New York City’s Department of Investigation launched a probe — the same day a Daily News editorial called for clear answers — into what caused a four-minute delay in dispatching an ambulance to a wreck last month that killed little Ariel Russo.
Firefighters are also in constant contact with dispatchers via radio to get up-to-date information while responding to rapidly changing emergencies, Gribbon said, as in the July 6 cardiac arrest that became a possible gunshot suicide. Firefighters were updated by NYPD when they arrived on the scene, he said.
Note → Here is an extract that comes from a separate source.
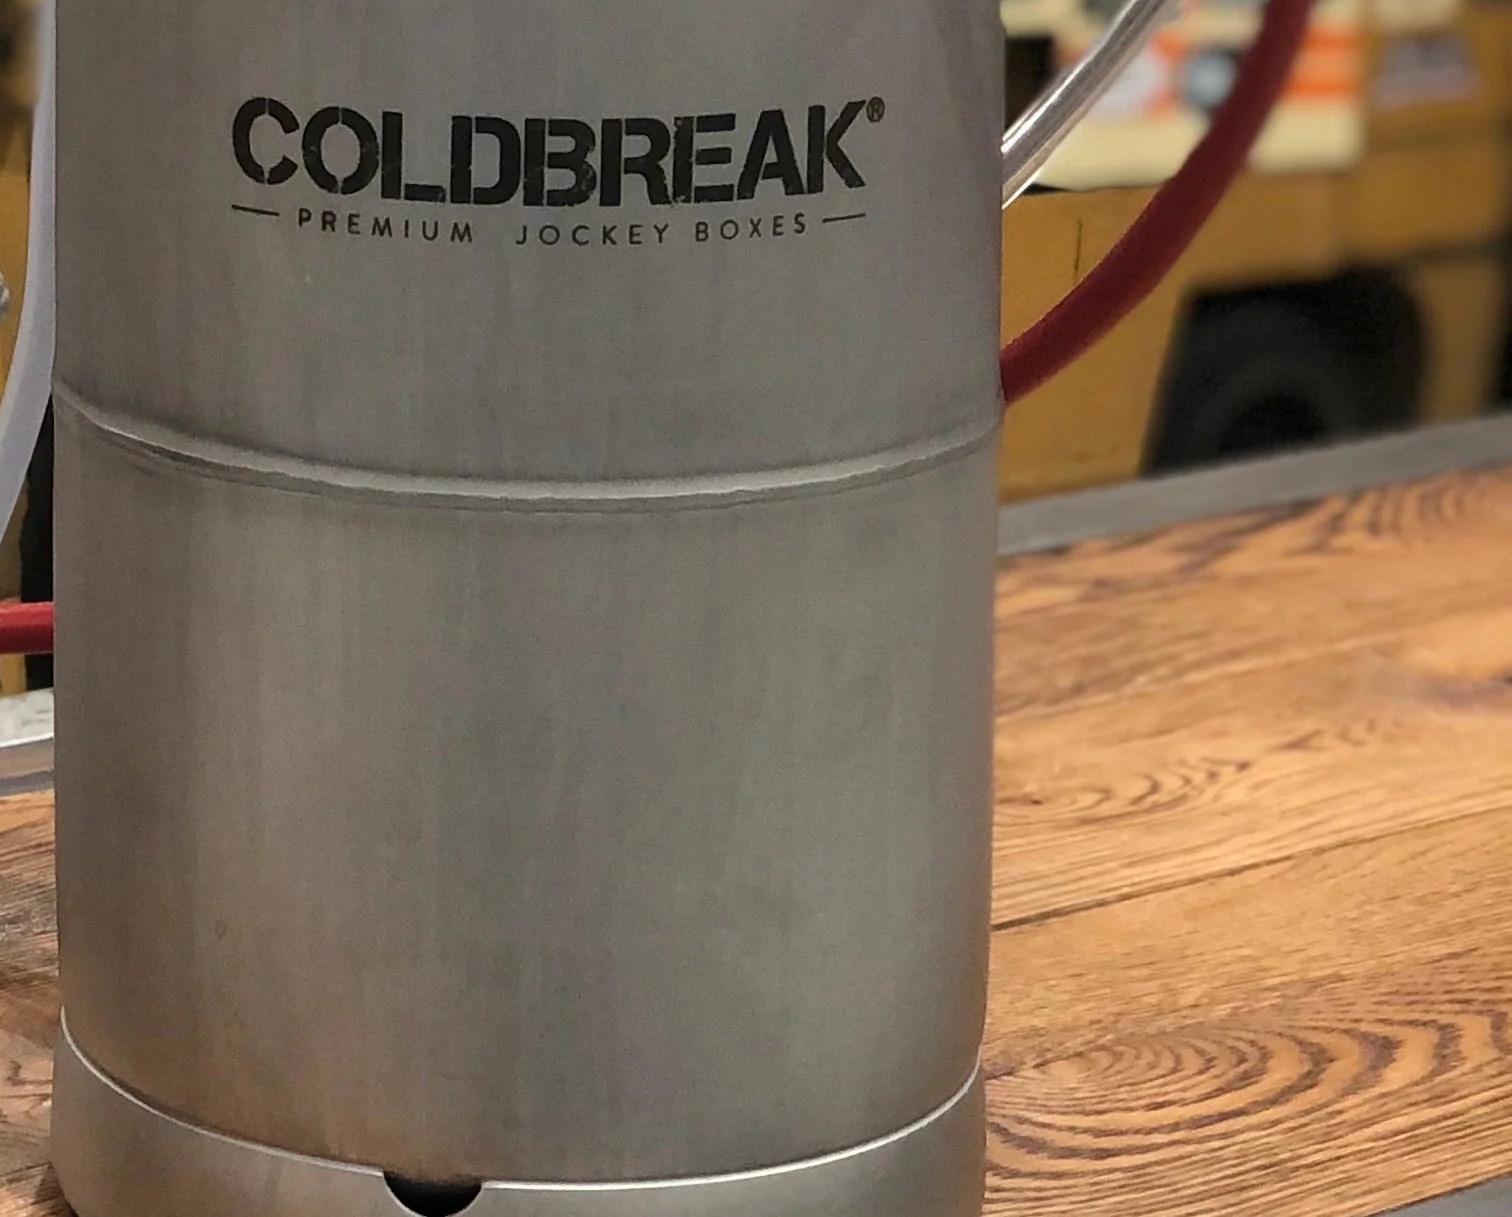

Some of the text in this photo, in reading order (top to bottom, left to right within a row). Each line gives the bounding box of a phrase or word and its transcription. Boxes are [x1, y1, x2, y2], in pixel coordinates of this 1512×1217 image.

[298, 209, 806, 245] PREMIUM JOCKEY BOXES
The fire victim who turned out to be suffering from bacterial meningitis was initially coded incorrectly using ICAD’s drop-down menu, the FDNY said.
The correct coding of calls using the ICAD menu has been addressed with NYPD as a training issue, the FDNY said.
Another incident — a June 28 car crash at 10:30 p.m. that turned out to be in Nassau County, not in Queens — was also sent to the NYPD for additional training.